Friday, September 10, 2010

Corkwood

Duboisia myoporoides
Family: SOLANACEAE



Here’s a little plant I found flowering at Ravensbourne last week.






Corkwoods are slender little trees, growing to about 6m tall in the rainforest. Older trees have furrowed corky bark The leaves are dull, grey-green, and these little white flowers will be followed by juicy black berries which are eaten by birds such as topknot pigeons, figbirds, and catbirds.
The tree is quite common, tending to pop up in disturbed areas on the edges of rainforests, and spreads by root suckers. I imagine it is quite fast-growing, as such pioneer species tend to be.
The leaves were used as fish poison by aborigines. They are also poisonous to stock (and to people) but are valued as a commercial source of medicinal drugs. They have been used in medicines for travel sickness, and by eye specialists for dilating the pupils of the eyes, among other things.
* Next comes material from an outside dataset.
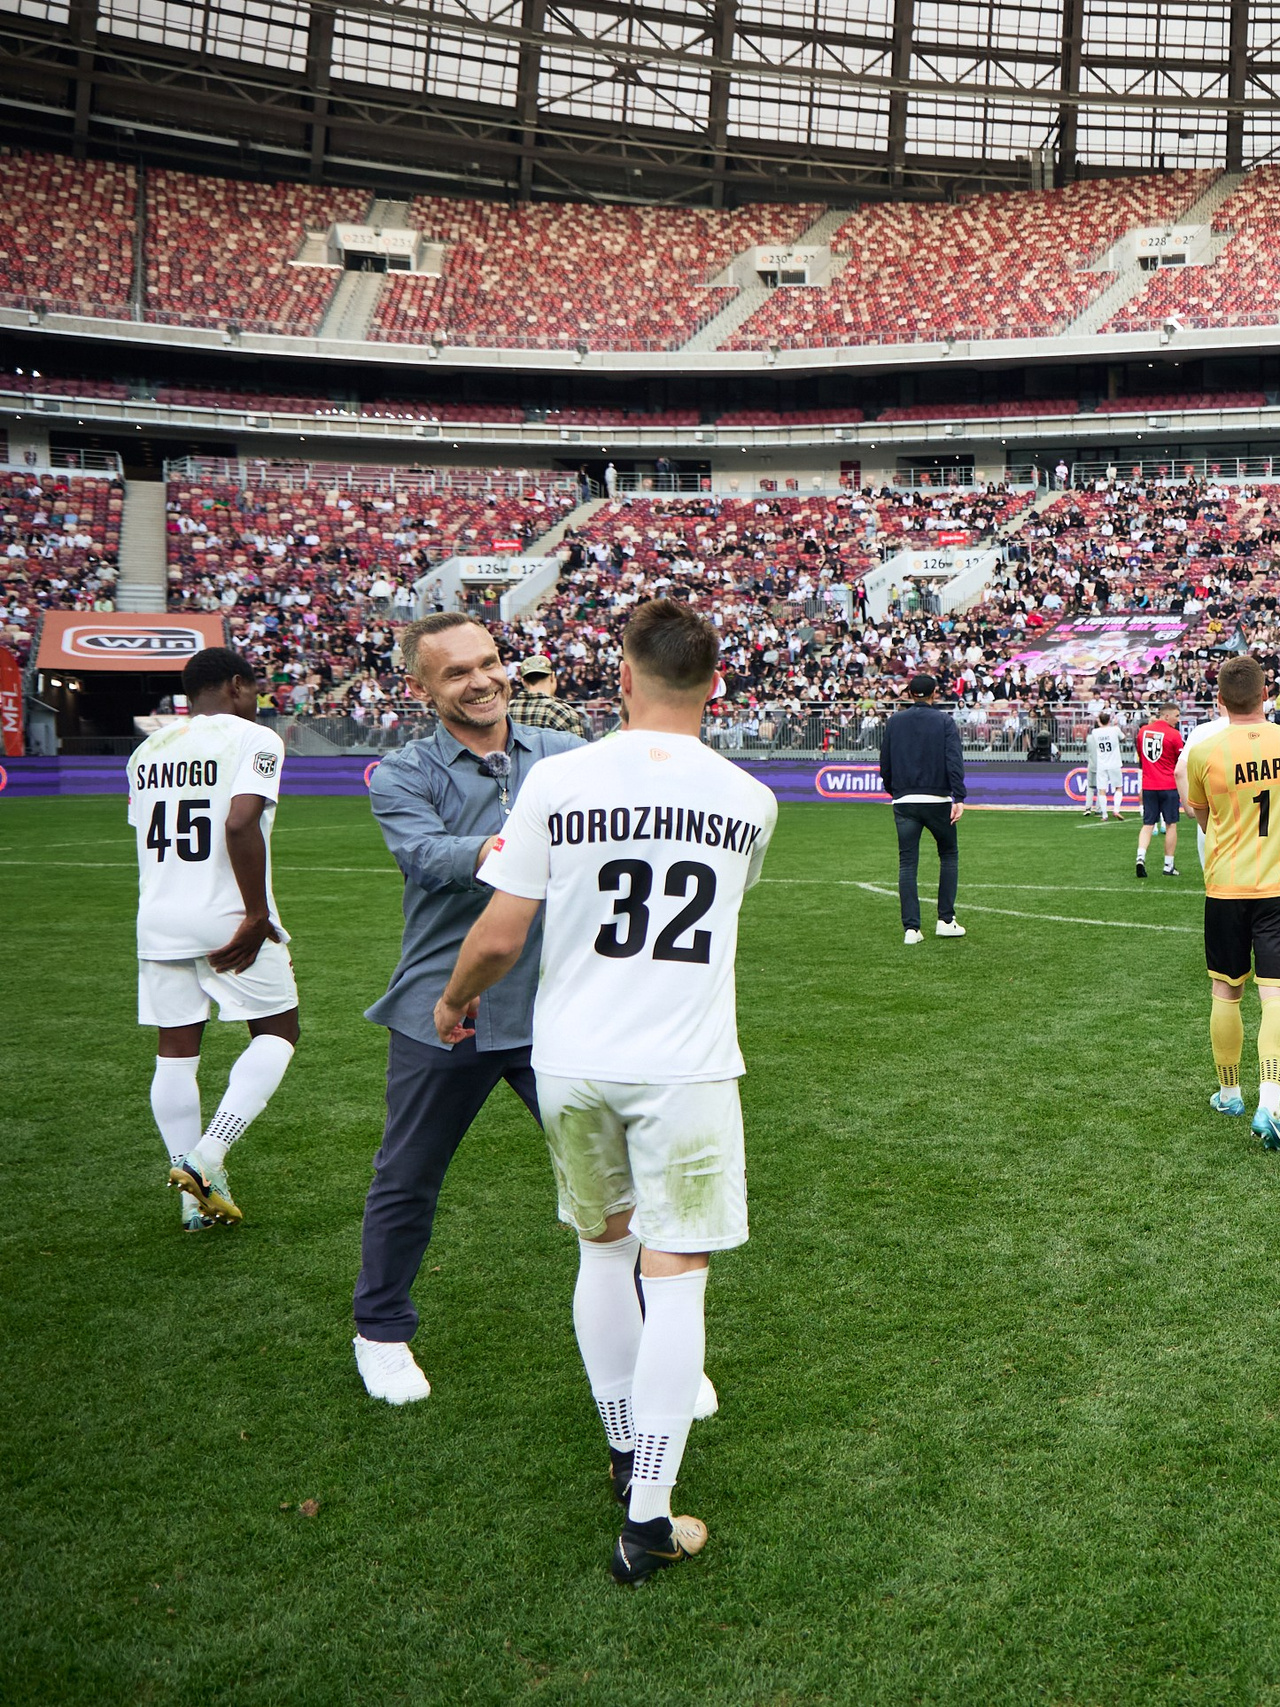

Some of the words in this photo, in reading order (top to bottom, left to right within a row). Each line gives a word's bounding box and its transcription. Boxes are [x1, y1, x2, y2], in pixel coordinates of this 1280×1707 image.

Workers handling the leaves are affected by the drug in them, which gives them a dry throat, headaches, and blurred vision, so handle this plant with caution, if at all!
A close relative of corkwoods, the western shrub Duboisia hopwoodii, is the source of the drug “pituri”, a narcotic which was widely used by aborigines before white settlement of this country. (The leaves were dried and mixed with the ash of wattle leaves, to make a mixture which was chewed.) It was regarded by them as a valuable trade item. Duboisia is related to tobacco, and the effects of pituri are apparently similar.
Don’t try chewing corkwood leaves, though. There is a real possibility of death resulting from even a small amount of it.
Although scientific study has found that populations of this plant from some areas are much less poisonous than those from others, it probably has no future as a garden ornamental!